**BRIEF**
In the listing below, find the line with "this 1288×966 image." and the line with "this 1920×1280 image.", then return them and every line between them exactly, minus the pictures.

**PROVIDED DATA**
- Opening Delimiter -

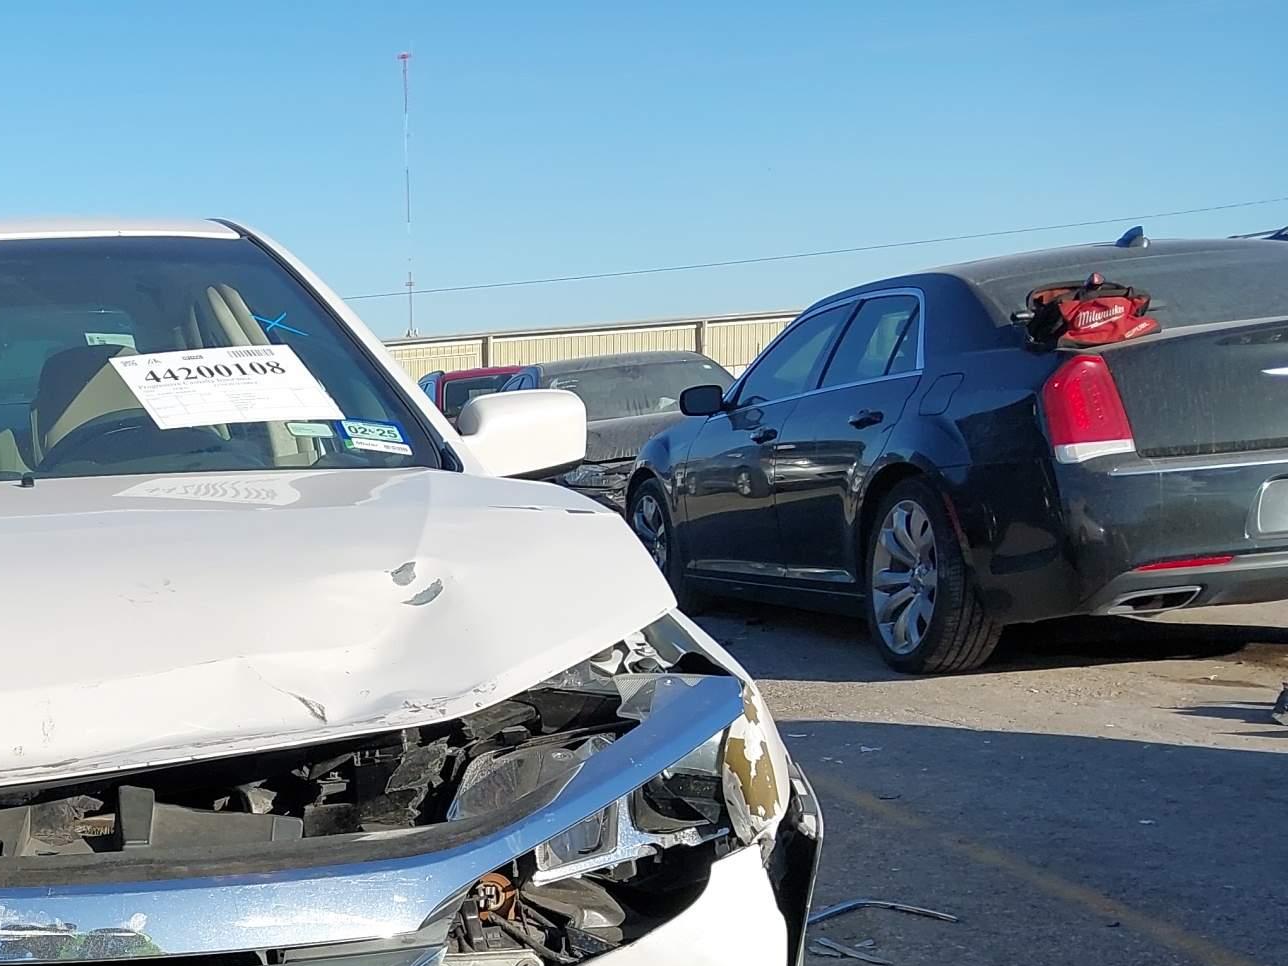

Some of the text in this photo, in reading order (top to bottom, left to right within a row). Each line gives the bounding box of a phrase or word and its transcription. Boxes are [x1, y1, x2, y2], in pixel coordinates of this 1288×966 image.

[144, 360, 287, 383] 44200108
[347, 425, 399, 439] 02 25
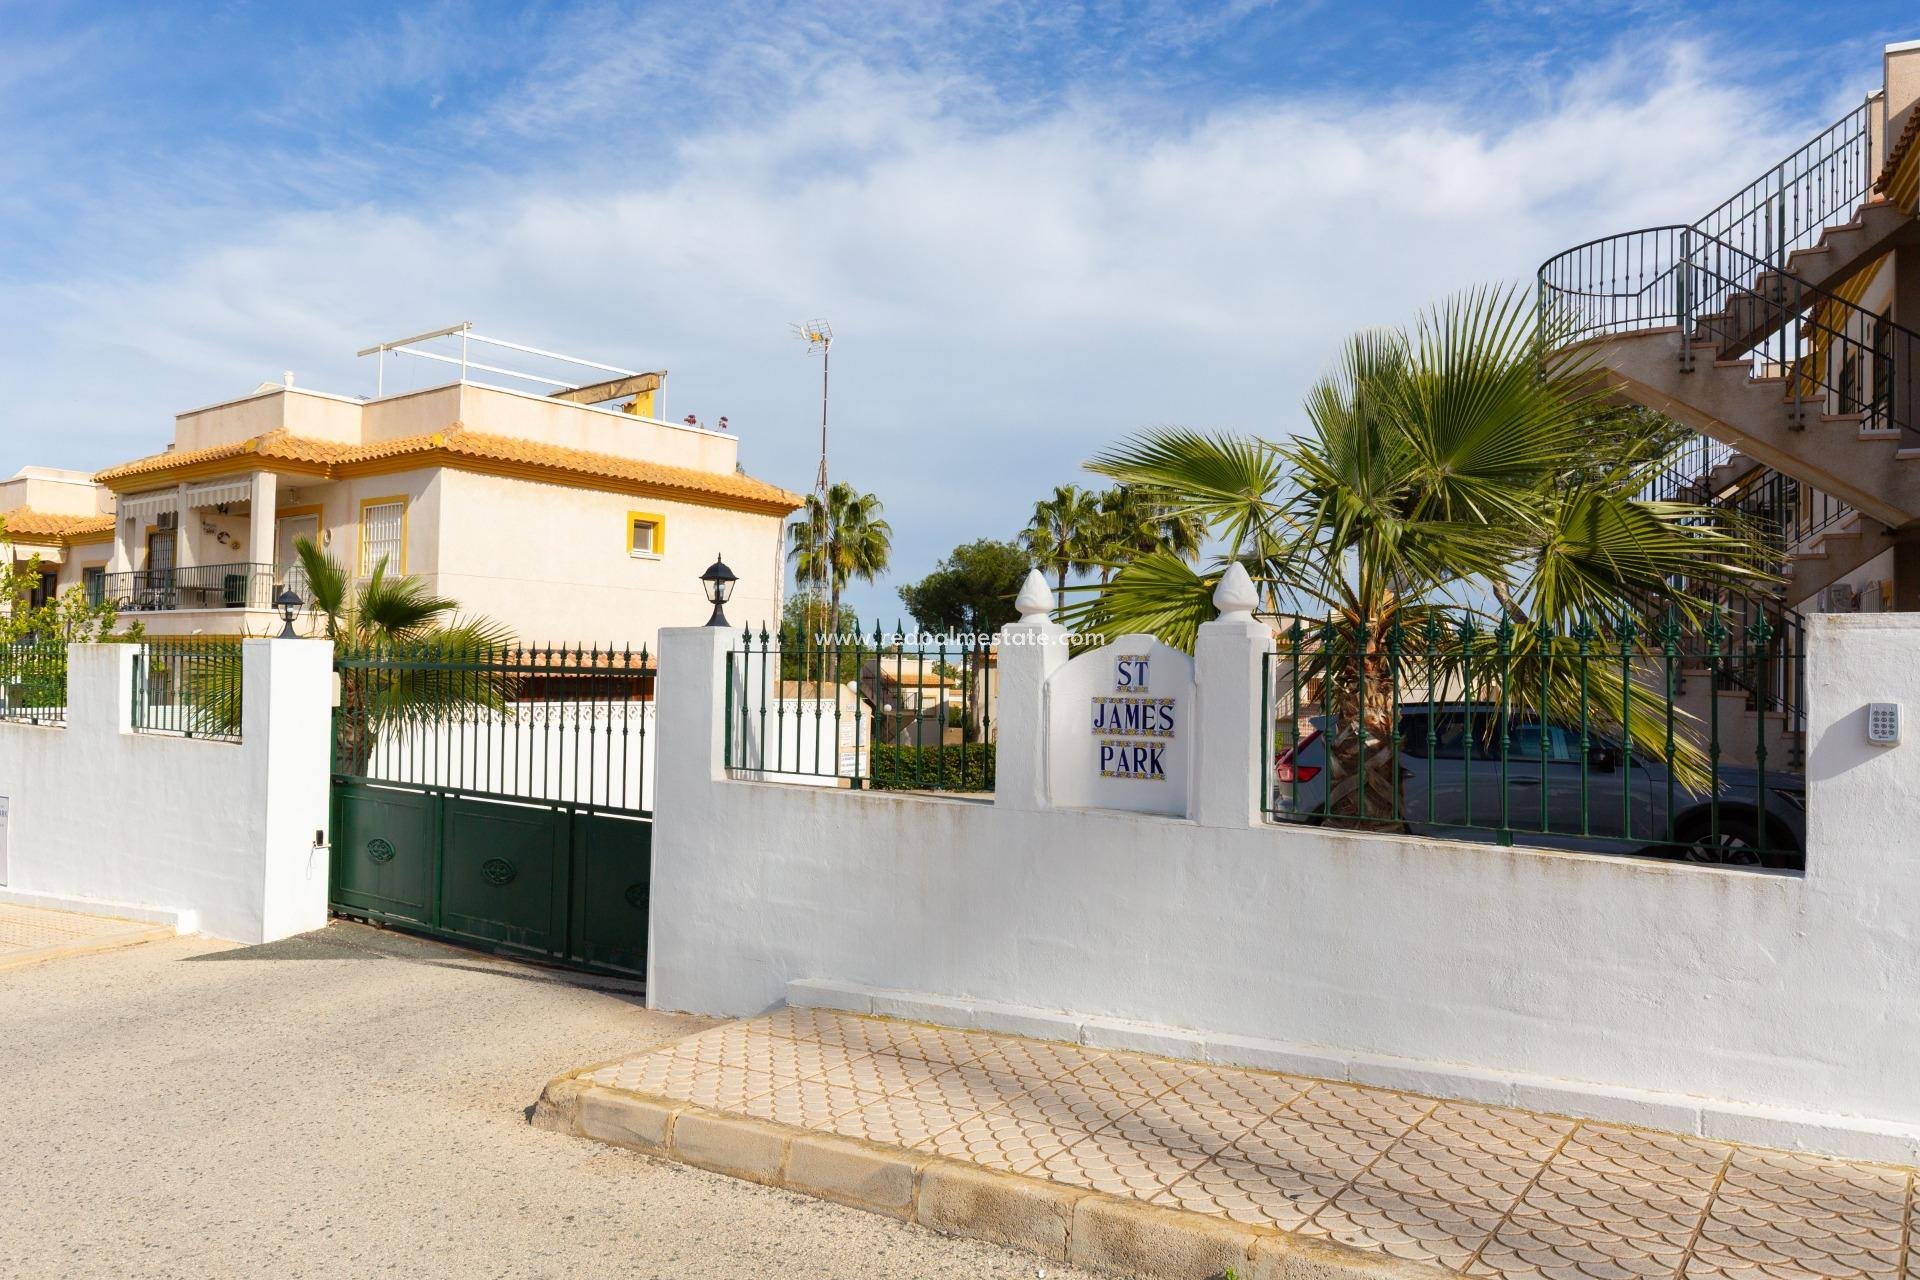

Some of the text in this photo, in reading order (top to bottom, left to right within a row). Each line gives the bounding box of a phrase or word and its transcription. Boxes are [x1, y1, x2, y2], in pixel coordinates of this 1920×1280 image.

- Closing Delimiter -
- Opening Delimiter -

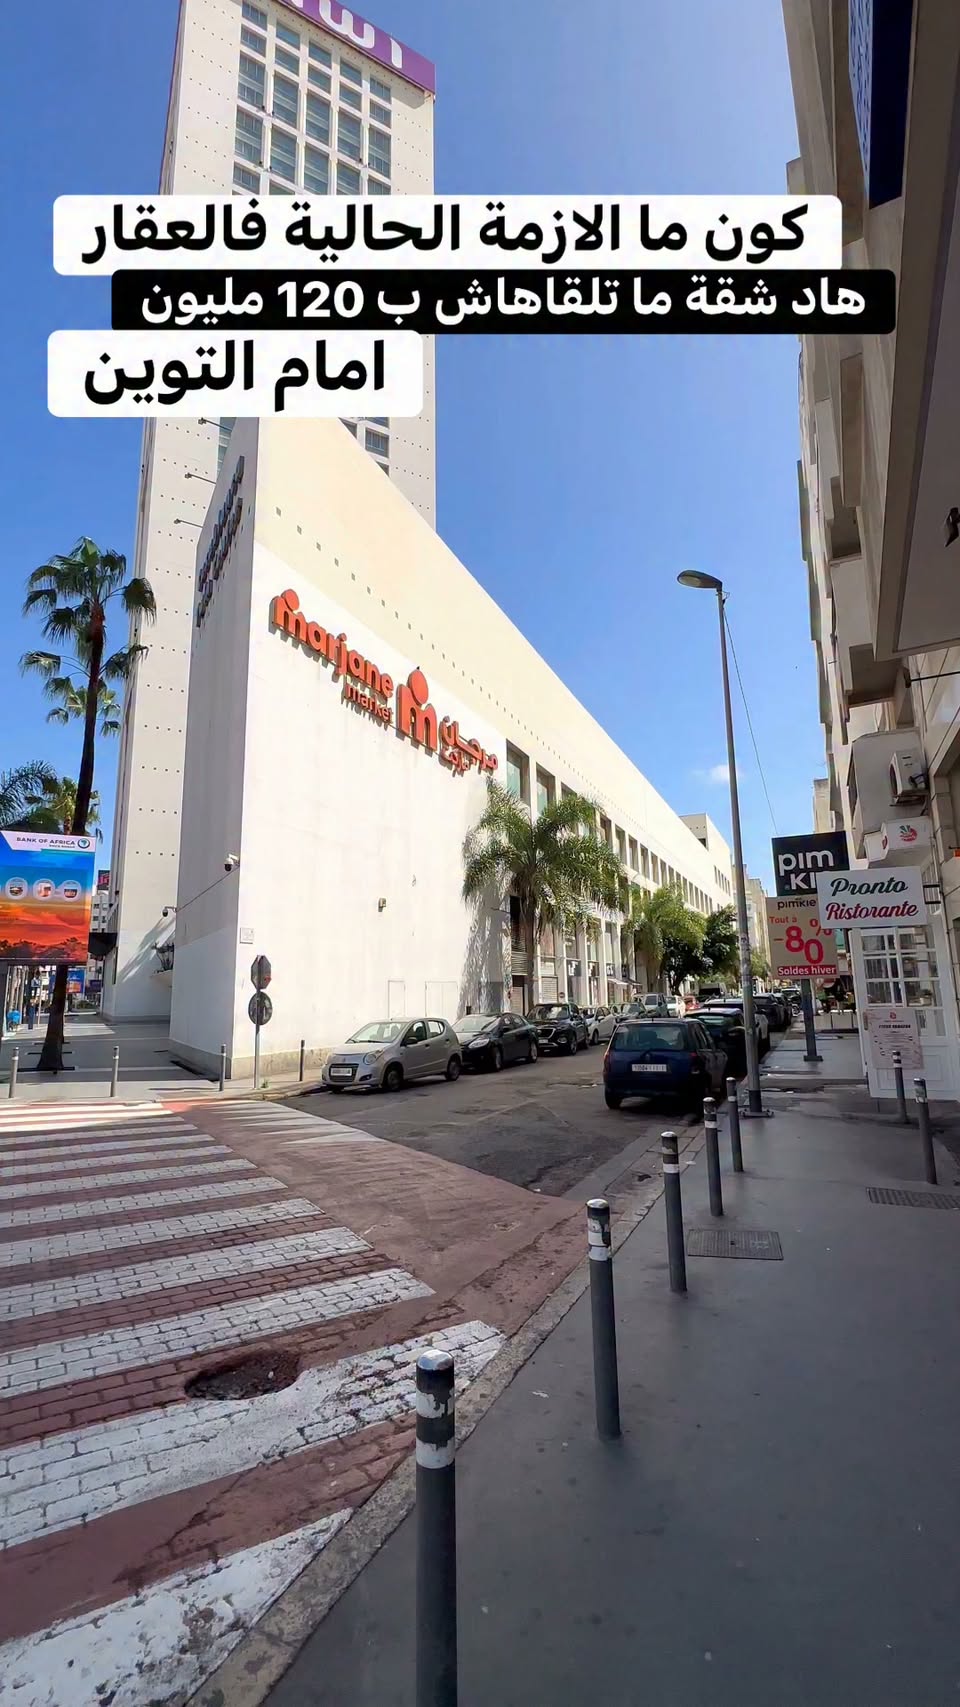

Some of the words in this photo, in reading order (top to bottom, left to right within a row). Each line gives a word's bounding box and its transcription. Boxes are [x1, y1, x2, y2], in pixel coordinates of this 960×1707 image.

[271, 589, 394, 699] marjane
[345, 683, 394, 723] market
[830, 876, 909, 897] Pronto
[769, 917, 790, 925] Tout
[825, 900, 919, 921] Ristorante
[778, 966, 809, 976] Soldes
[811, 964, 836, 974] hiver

- Closing Delimiter -
- Opening Delimiter -

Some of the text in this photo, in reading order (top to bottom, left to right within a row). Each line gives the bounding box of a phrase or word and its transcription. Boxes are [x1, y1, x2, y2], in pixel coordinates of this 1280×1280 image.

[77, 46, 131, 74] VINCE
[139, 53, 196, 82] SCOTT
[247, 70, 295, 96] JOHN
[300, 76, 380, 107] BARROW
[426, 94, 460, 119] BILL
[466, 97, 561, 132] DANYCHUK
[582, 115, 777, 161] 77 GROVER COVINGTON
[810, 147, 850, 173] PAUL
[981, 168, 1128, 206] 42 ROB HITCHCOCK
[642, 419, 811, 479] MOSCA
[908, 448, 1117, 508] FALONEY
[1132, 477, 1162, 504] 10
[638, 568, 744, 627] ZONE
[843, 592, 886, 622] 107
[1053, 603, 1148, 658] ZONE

- Closing Delimiter -

**EXERCISE RESULT**
Some of the text in this photo, in reading order (top to bottom, left to right within a row). Each line gives the bounding box of a phrase or word and its transcription. Boxes are [x1, y1, x2, y2], in pixel coordinates of this 1288×966 image.

[144, 360, 287, 383] 44200108
[347, 425, 399, 439] 02 25

Some of the text in this photo, in reading order (top to bottom, left to right within a row). Each line gives the bounding box of a phrase or word and its transcription. Boxes are [x1, y1, x2, y2], in pixel coordinates of this 1920×1280 image.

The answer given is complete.